Guidance on individualized treatment rule estimation in high dimensions.

Abstract

Individualized treatment rules, cornerstones of precision medicine, inform patient treatment decisions with the goal of optimizing patient outcomes. These rules are generally unknown functions of patients' pre-treatment covariates, meaning they must be estimated from clinical or observational study data. Myriad methods have been developed to learn these rules, and these procedures are demonstrably successful in traditional asymptotic settings with moderate number of covariates. The finite-sample performance of these methods in high-dimensional covariate settings, which are increasingly the norm in modern clinical trials, has not been well characterized, however. We perform a comprehensive comparison of state-of-the-art individualized treatment rule estimators, assessing performance on the basis of the estimators' rule quality, interpretability, and computational efficiency.
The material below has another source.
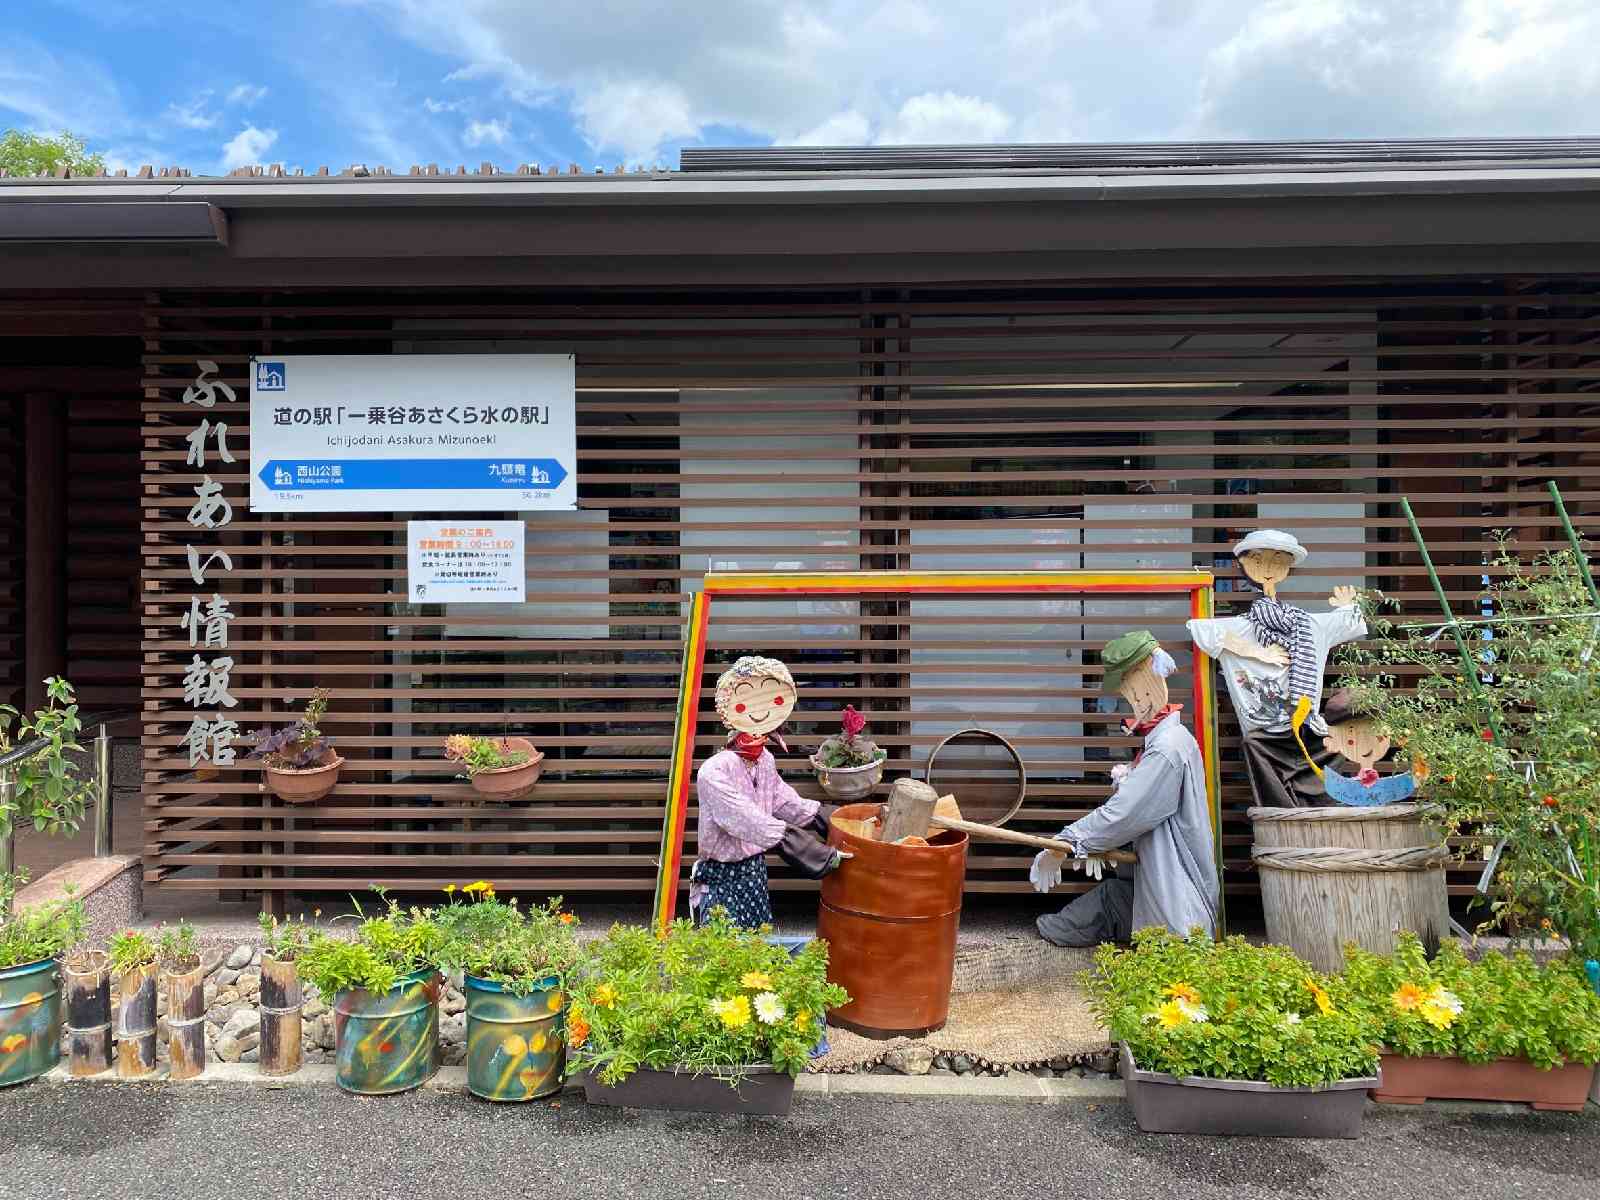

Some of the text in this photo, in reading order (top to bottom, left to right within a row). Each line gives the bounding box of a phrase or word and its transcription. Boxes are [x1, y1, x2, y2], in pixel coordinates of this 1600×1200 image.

Sixteen data-generating processes with continuous outcomes and binary treatment assignments are considered, reflecting a diversity of randomized and observational studies. We summarize our findings and provide succinct advice to practitioners needing to estimate individualized treatment rules in high dimensions. Owing to individualized treatment rule estimators' poor interpretability, we propose a novel pre-treatment covariate filtering procedure based on recent work for uncovering treatment effect modifiers. We show that it improves estimators' rule quality and interpretability. All code is made publicly available, facilitating modifications and extensions to our simulation study.